Cat Hellisen is the author of When the Sea is Rising Red, a young adult fantasy thriller about magic, freedom, and the sea. Cat is a tea-drinker, a ukuleleist, and has reached an understanding with the sea. She lives in Capetown, South Africa.
Could you tell us 5 random facts about yourself?
I collect coloured glass bowls and vases – I don’t even know why. I can get pretty obsessive over my music, which drives the people around me insane, especially when I put all the albums of an artist on repeat for days. My social skills are somewhat suspect, so I am pretty panicky about meeting people. I play ukulele and guitar with little skill, and if I hadn’t taken up writing, I’d probably be a starving artist.
Tell us about your journey to becoming a writer.
When I was in school, I was always completing other people’s creative writing essays, but it never occurred to me that writing was going to be my job – I wanted to be a musician and was sadly blind to my lack of ability. It took a lot of drifting about before I started taking writing seriously. There was so much I had to learn and unlearn, and many kind people offered their time and advice before I started writing work that was of a publishable quality. Some awful books are now tucked away on my hard-drive, but finally I wrote something that an agent was interested in. I’m constantly working to improve my writing, but I struggle quite a bit with what I want to write, and with what people actually want to buy.

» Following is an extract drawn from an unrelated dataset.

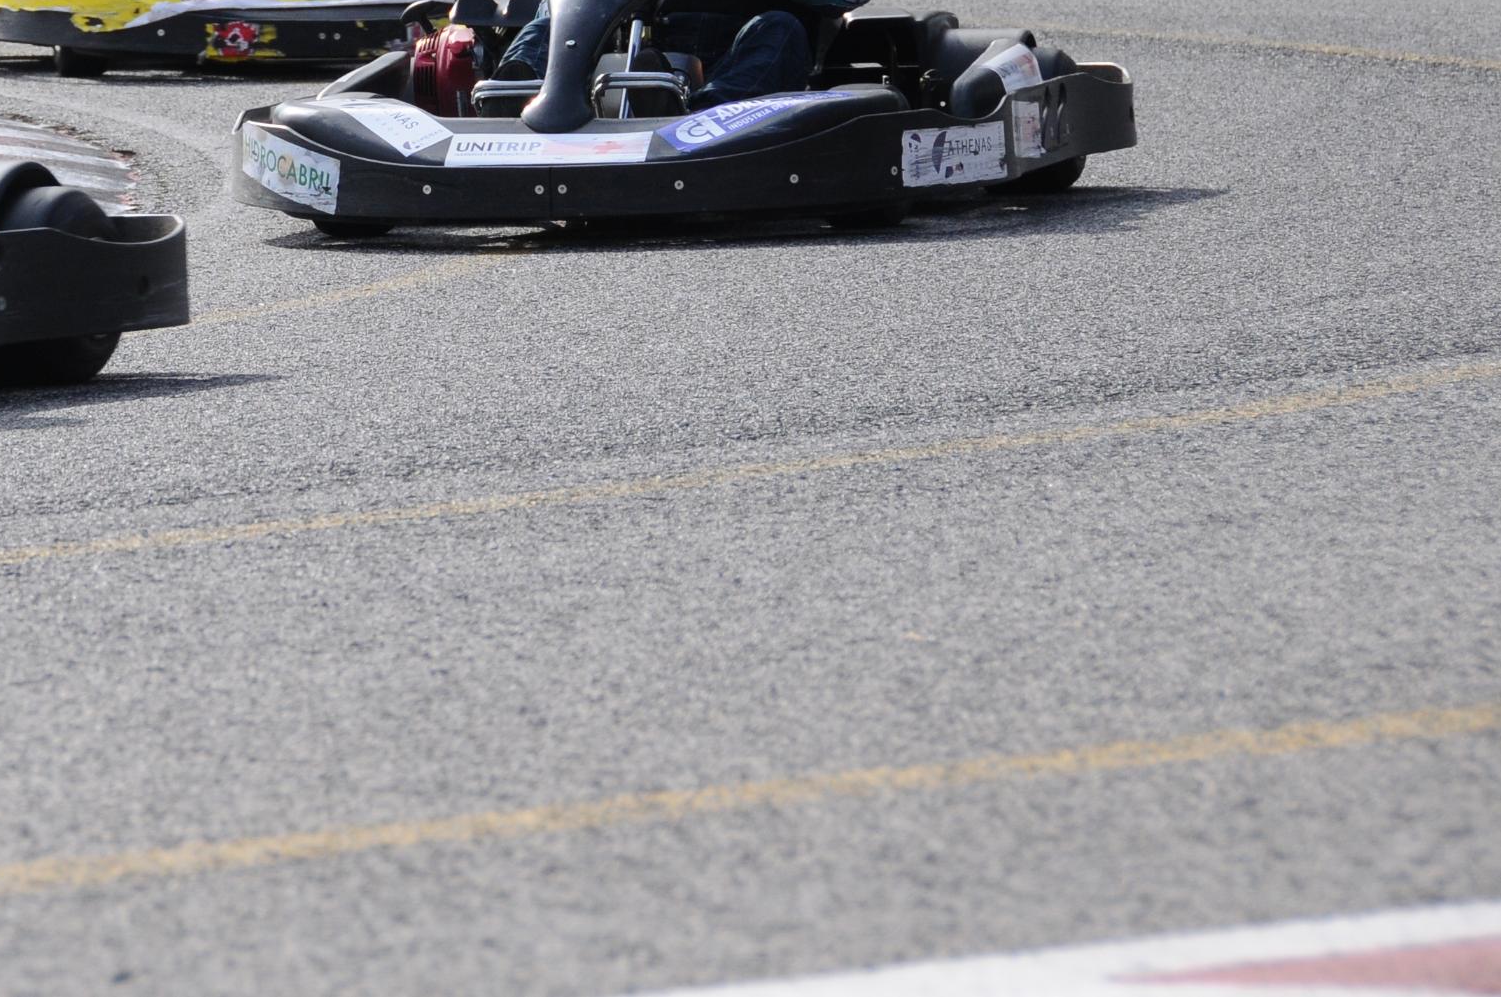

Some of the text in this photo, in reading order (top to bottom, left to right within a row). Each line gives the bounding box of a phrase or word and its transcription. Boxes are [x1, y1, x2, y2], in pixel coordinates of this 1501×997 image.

What has surprised you about writing and publishing?
The time frame, I think. It takes me a year to two years to write and revise and rewrite a book until I think it’s good enough; add months (or years) to the submission process, and another year or two of editorial revisions, copy-editing, and the publisher working on covers before the novel hits book stores. I was aware of it, but the reality was still an eye-opener.
Why do you feel drawn to the stories you write?

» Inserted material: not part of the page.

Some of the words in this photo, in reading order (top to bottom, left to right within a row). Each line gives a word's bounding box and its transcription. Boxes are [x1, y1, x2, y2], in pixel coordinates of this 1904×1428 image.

I’ve always been interested in fantasy. Not so much the Lord of the Rings style sagas, though I enjoy them occasionally, but fiction that re-invents reality. The fantastical intrigues me, and I love everything through from the reality-tweaking of magical realism, to the full-blown created worlds and adventures in more epic fantasy. Naturally, when I started writing I stepped through the Looking Glass.
What has been the toughest criticism given to you as an author?

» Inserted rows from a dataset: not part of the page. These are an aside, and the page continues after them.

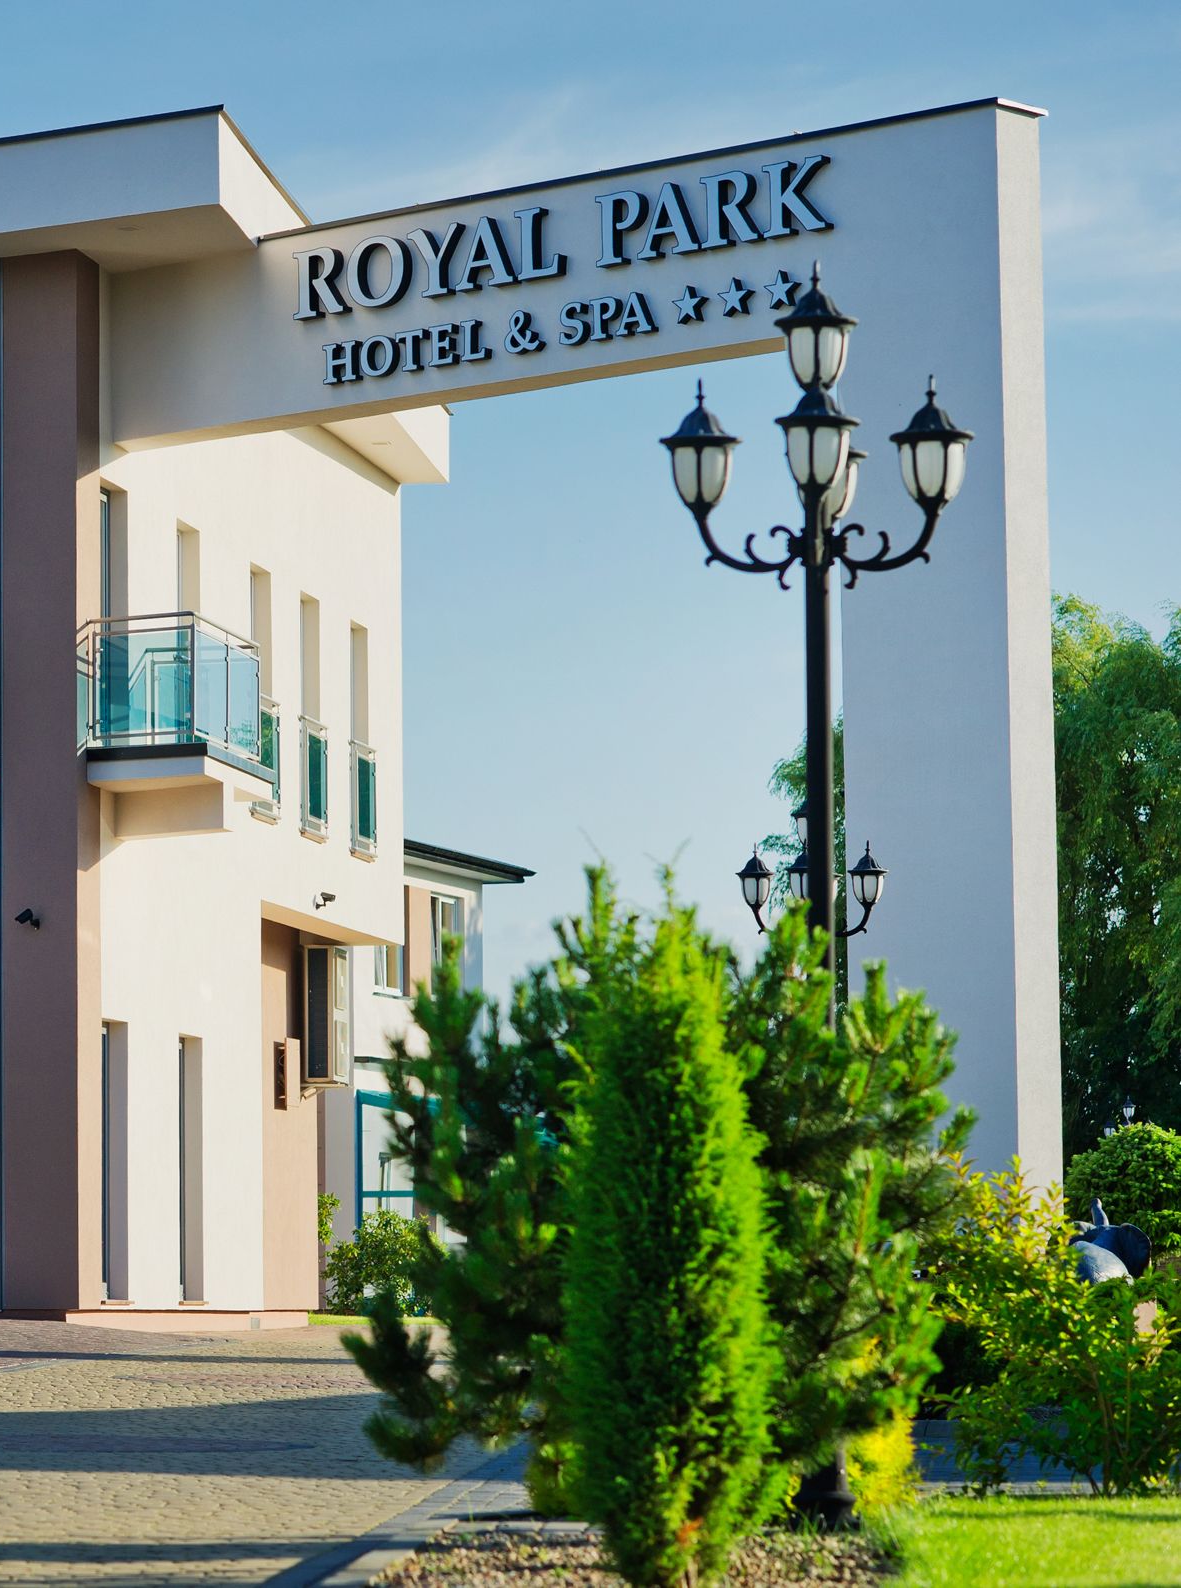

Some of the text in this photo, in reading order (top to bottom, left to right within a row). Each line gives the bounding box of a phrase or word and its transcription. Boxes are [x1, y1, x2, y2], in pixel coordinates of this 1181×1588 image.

[293, 154, 835, 321] ROYAL PARK
[322, 291, 659, 387] HOTEL & SPA
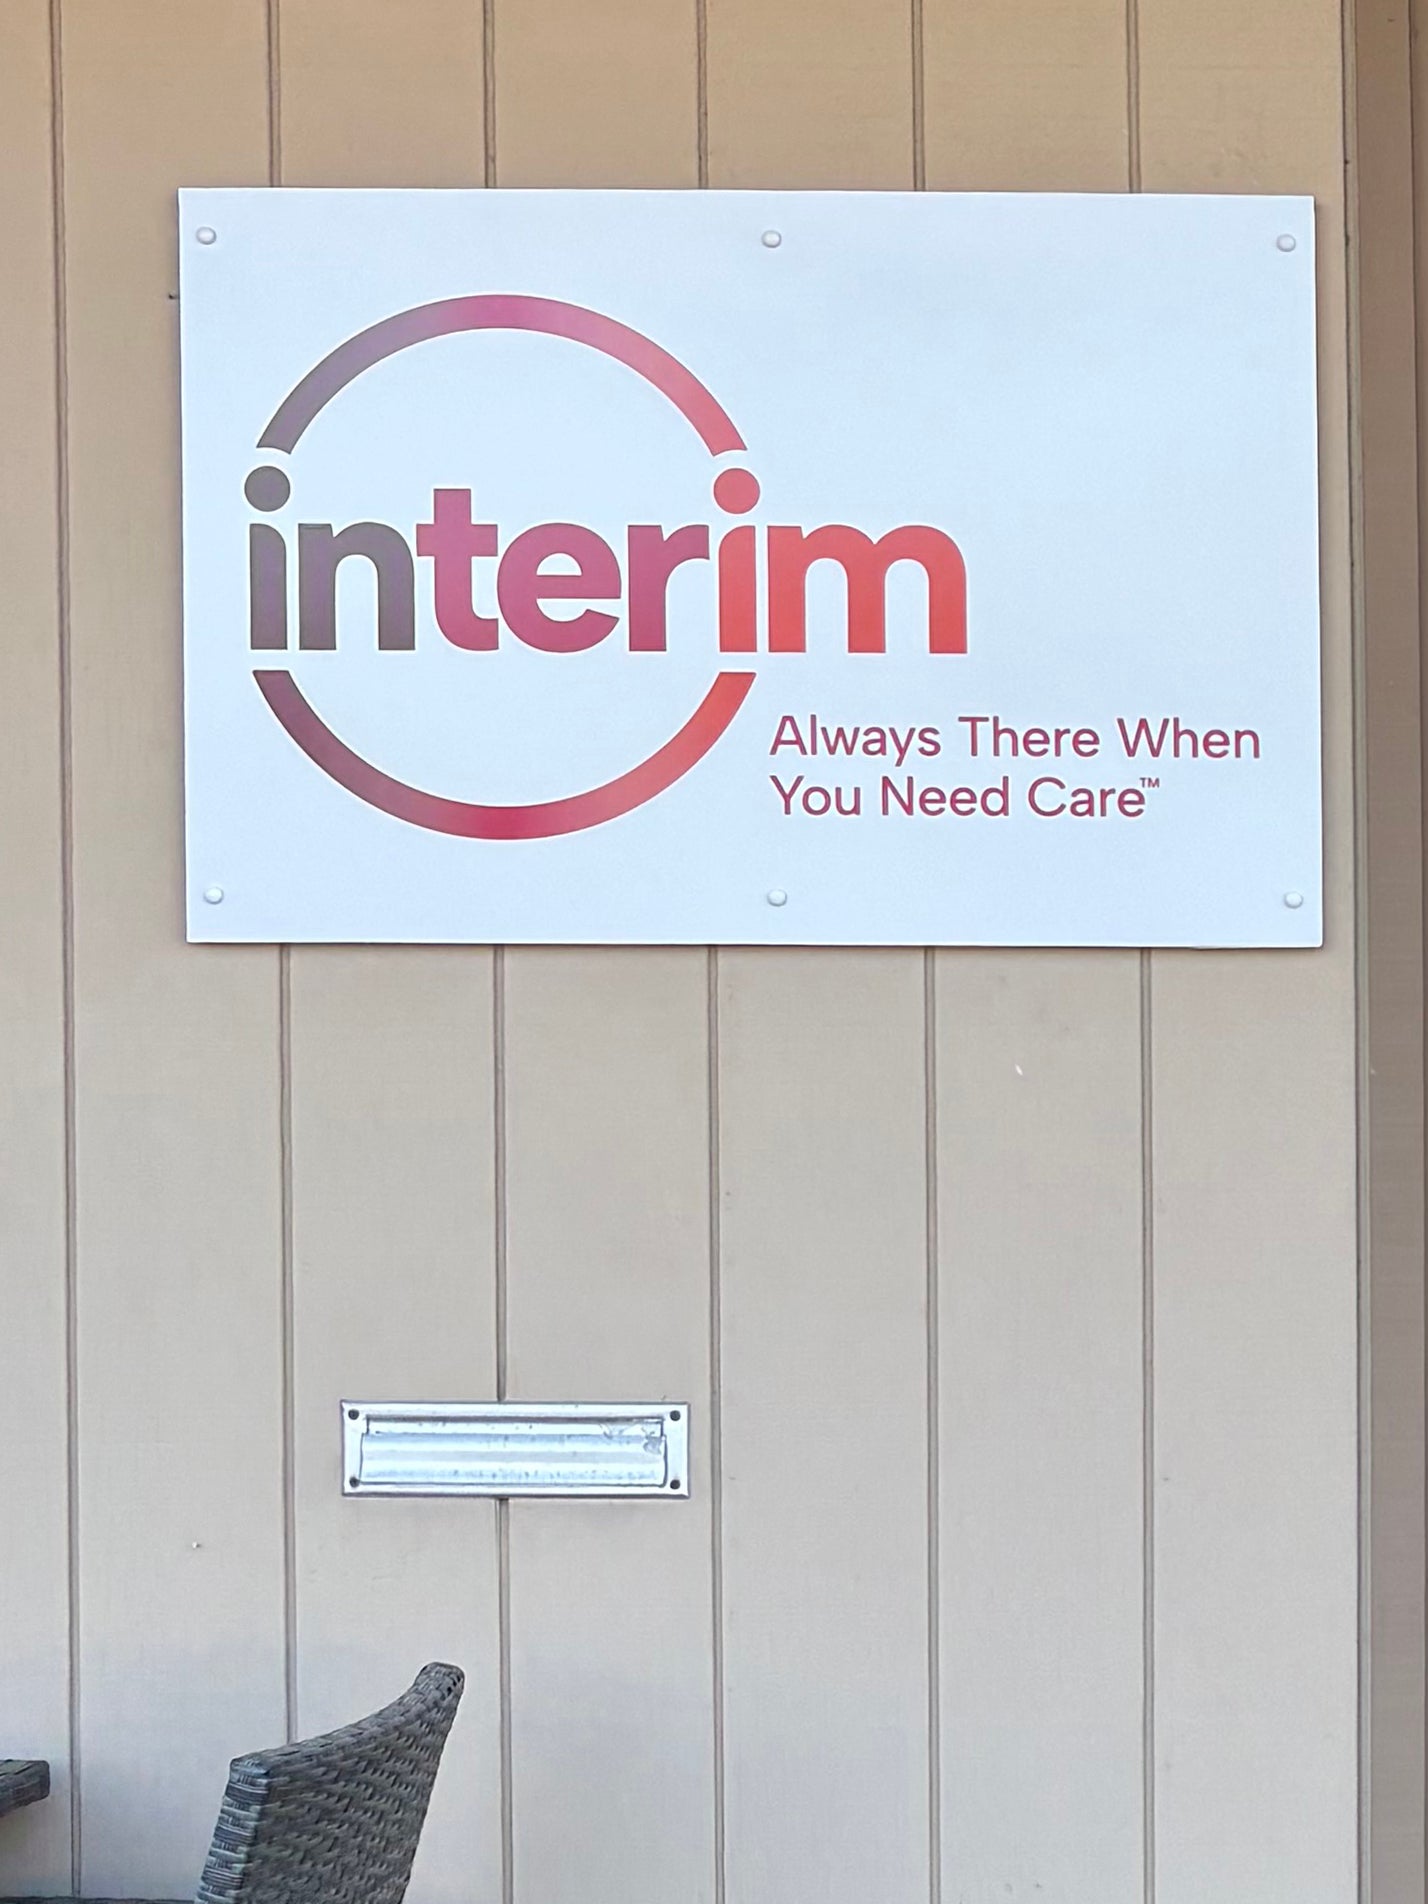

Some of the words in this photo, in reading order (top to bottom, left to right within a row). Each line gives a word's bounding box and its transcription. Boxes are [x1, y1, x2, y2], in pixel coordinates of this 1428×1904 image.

[243, 465, 968, 655] interim
[769, 714, 941, 766] Always
[958, 716, 1100, 757] There
[1116, 717, 1261, 759] When
[769, 775, 861, 816] You
[881, 775, 1009, 817] Need

I don’t know if it’s so much criticism as suggestion. Constructive criticism is fine – fix your grammar, your spelling, learn how to plot, build tension – that’s good stuff. But I still don’t deal well with being asked for likeable heroines/heroes and more palatable stories, to tone down the weird if I want to sell. The authors I love do none of that, so I guess it chafes when I’m told that my writing is hampered by my imagination.
What has been the best compliment you’ve received?
That so many people have found my world-building in When the Sea is Rising Red immersive. When readers talk about how real the world is, how they could see everything, could smell the salt air and feel the magic crackling, that gives me a thrill.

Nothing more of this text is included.